Beagle Husky Mix Breed Review: Contents
- History and original purpose of the Beagle Husky mix
- Beagle Husky mix appearance
- Beagle Husky mix temperament
- Training and exercising your Beagle Husky mix
- Beagle Husky mix health and care
- Do Beagle Husky mix dogs make good pets?
- Finding a Beagle Husky mix puppy
- Raising a Beagle Husky mix puppy
History and Original Purpose of the Beagle Husky Mix
A Beaski is usually a mix between a Beagle and a Siberian Husky.
An Alaskan Husky could also be used, but since that’s much less common we’ll focus on the results of using a Siberian Husky in this article.
Intentionally mixing Beagles and Siberian Huskies and calling their offspring Beaskies is a relatively recent phenomenon.
It is likely to have been inspired by the rise in popularity of other ‘designer dog’ mixes, like the Labradoodle.
The Husky and the Beagle were both traditionally working dogs, but they were used to perform very different roles.
Which means the Beaski is likely to have a mix of instincts that means they aren’t particularly suitable for either job any more.
So, Beaskies are more likely to be bred and sold as pets and companion animals.
Let’s take a closer look at the origins of each of their parents though, in order to better understand what a Beaski’s temperament might be like.
The Beagle breed is hundreds of years old.
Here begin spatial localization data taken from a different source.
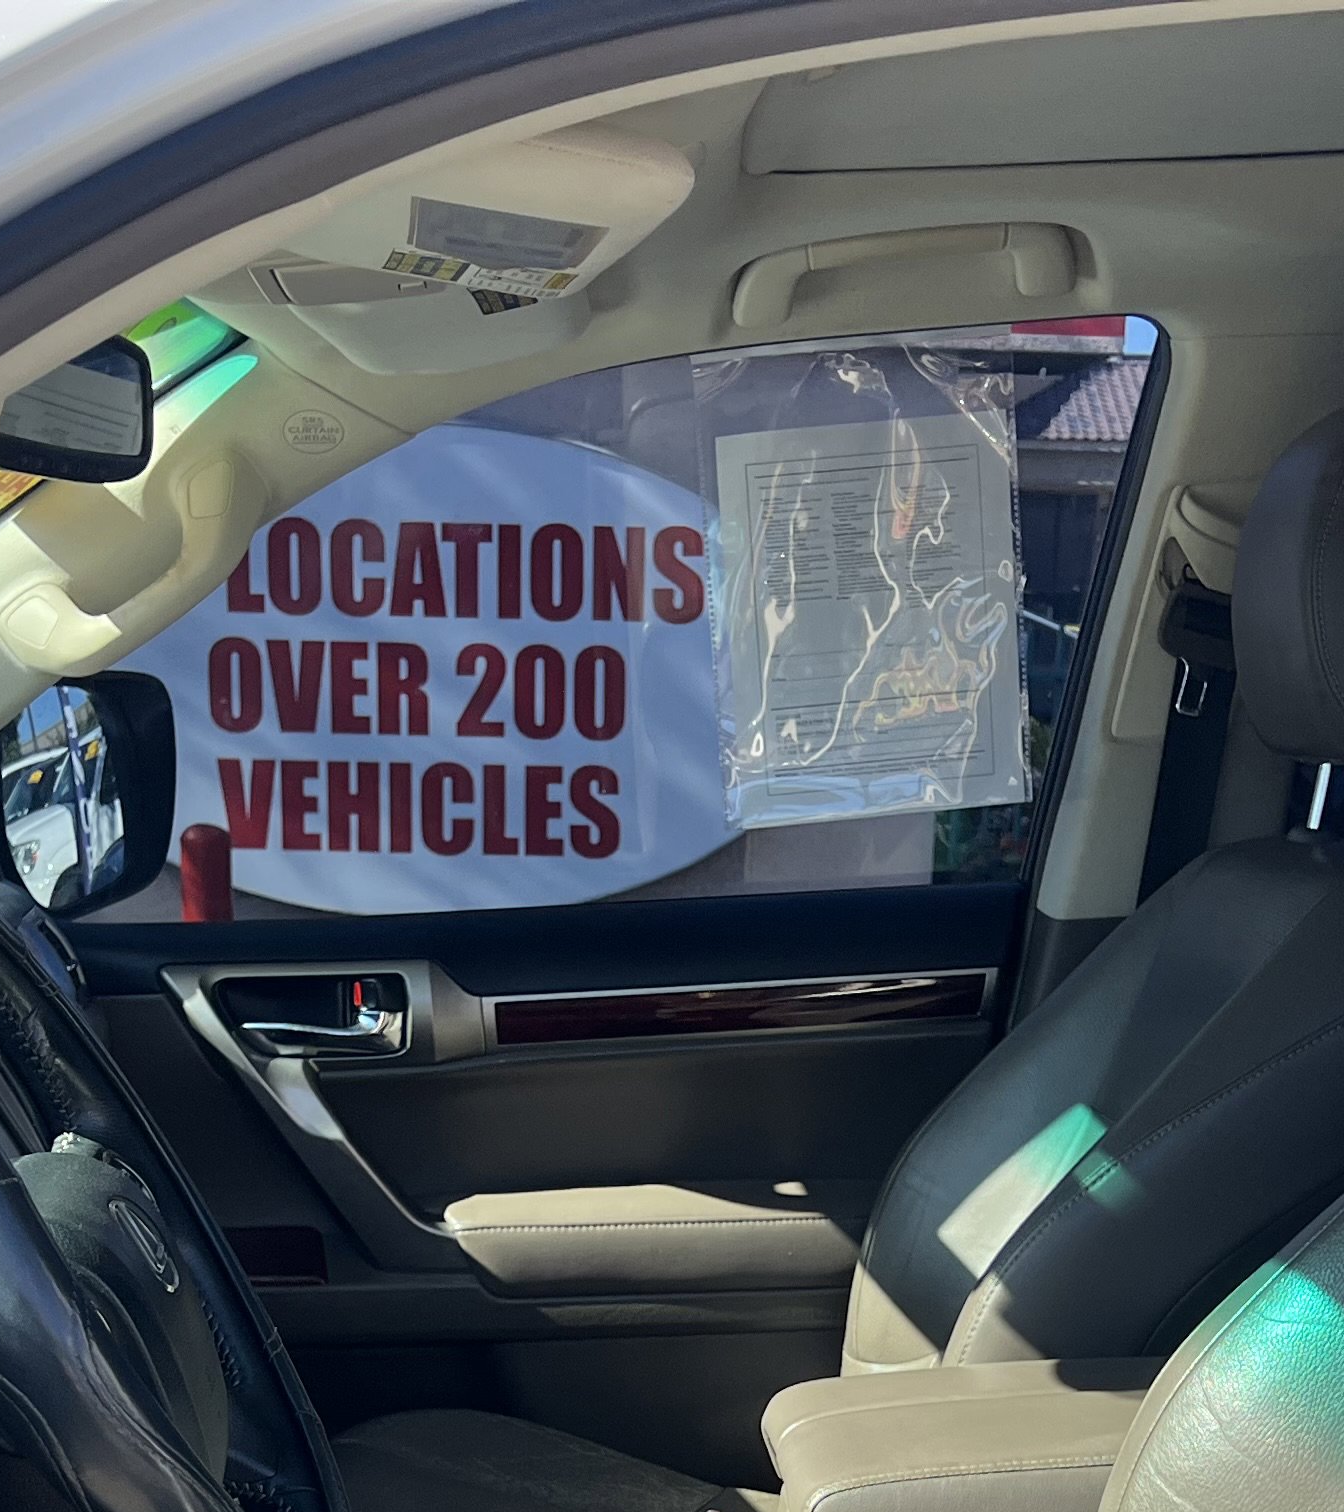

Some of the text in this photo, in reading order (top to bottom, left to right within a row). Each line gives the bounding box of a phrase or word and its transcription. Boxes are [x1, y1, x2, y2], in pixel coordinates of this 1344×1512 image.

[227, 516, 705, 625] LOCATIONS
[207, 636, 627, 742] OVER 200
[217, 758, 621, 860] VEHICLES
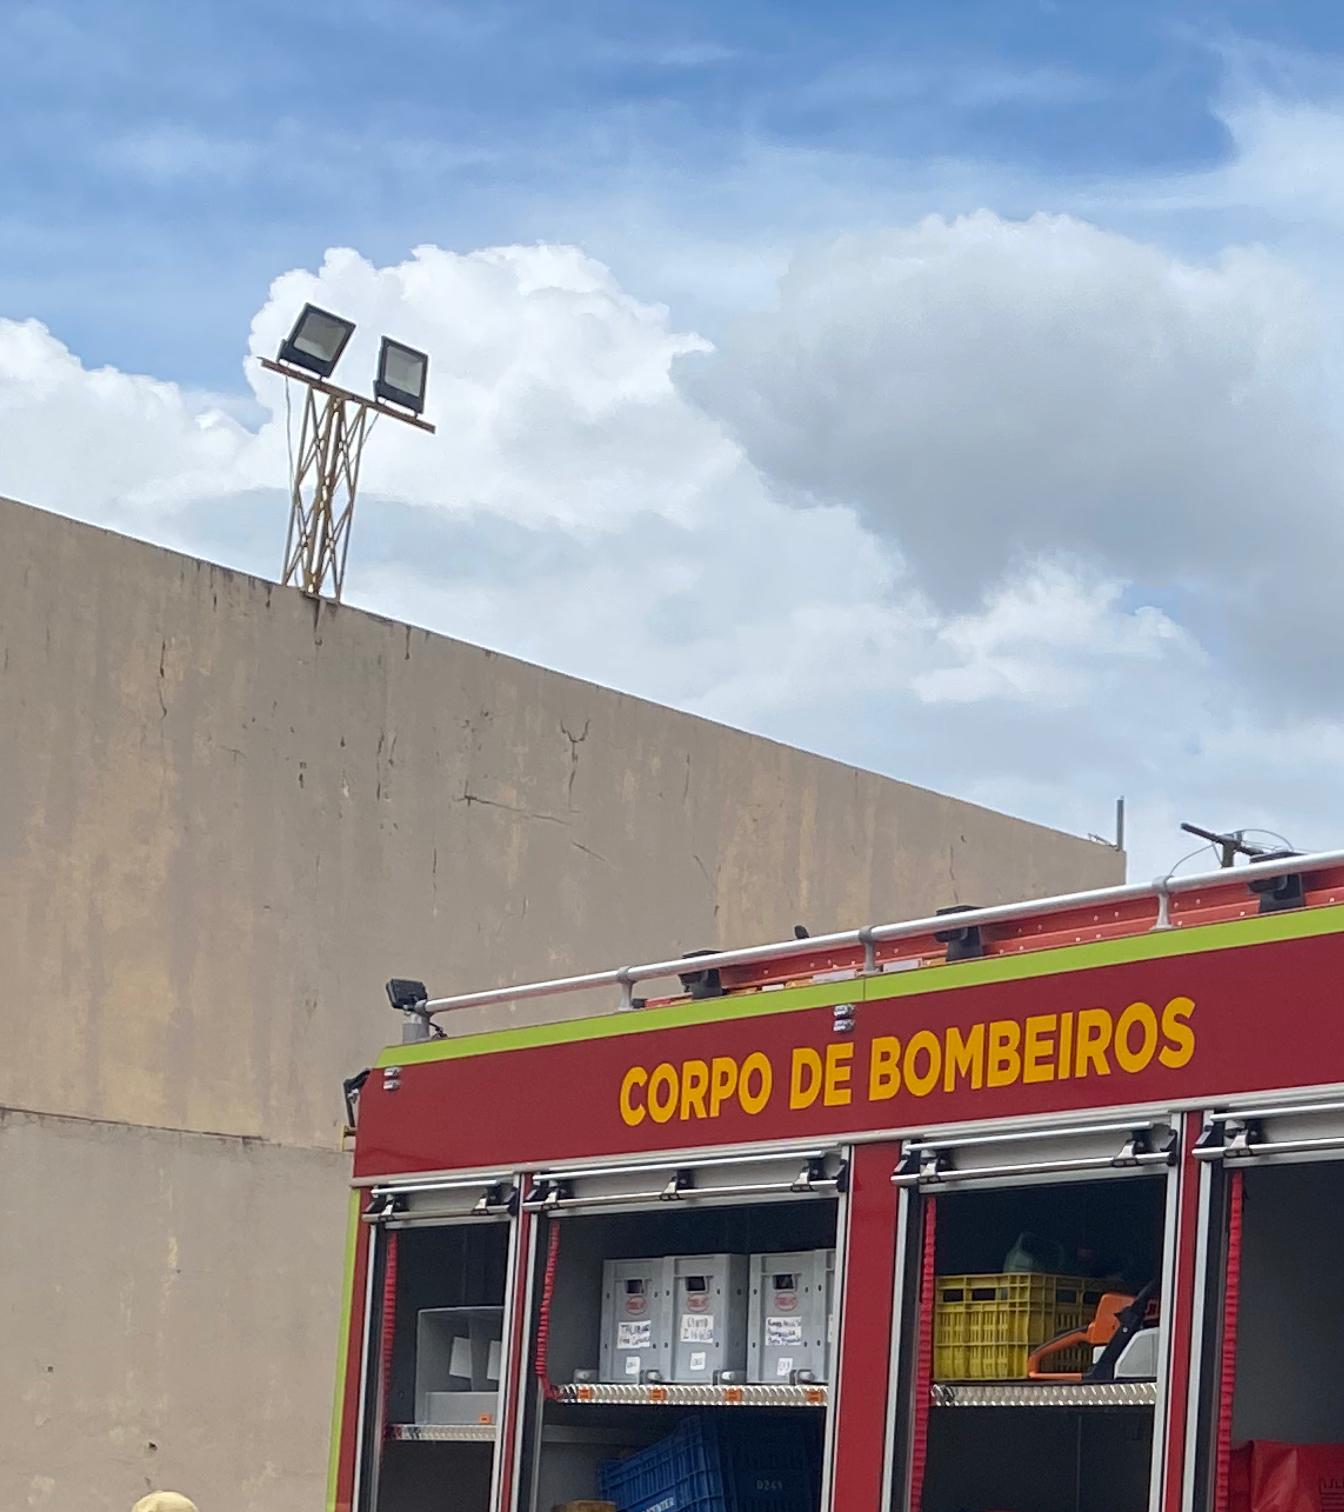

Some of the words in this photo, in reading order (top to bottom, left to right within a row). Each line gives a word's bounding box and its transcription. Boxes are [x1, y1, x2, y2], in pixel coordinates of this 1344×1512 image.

[620, 1052, 772, 1126] CORPO
[790, 1044, 855, 1111] DE
[868, 996, 1196, 1102] BOMBEIROS
They belong to the scenthound group of breeds – dogs that use their noses to follow quarry like hares and rabbits over ground.
Beagles traditionally hunted in packs – they are considered some of the greatest team-workers of the dog world.
But it’s their neat size and happy go lucky attitude which also gained them popularity as pet dogs.
Beagles were the 7th most popular dog breed in the U.S. in 2020.
Siberians are another breed with a long history.
They were originally developed as sled pulling dogs by nomadic tribes in Siberia, and popularized in America in the 20th century. They are also great team workers!
Since few Americans have need of a sled pulling dog, most Huskies in the United States are simply pets and companions.
Huskies have actually declined slightly in relative popularity over the past few years.
Beagle Husky Mix Appearance
It’s impossible to mistake a purebred Beagle for a Siberian Husky.
Beagles are rarely more than 15 inches tall at the shoulder, and usually weigh less than 30 pounds.
They have a short, smooth coat, and large, floppy ears. Whilst a number of colors are allowed in show dogs, they’re perhaps best known in classic tricolor: black, white and tan.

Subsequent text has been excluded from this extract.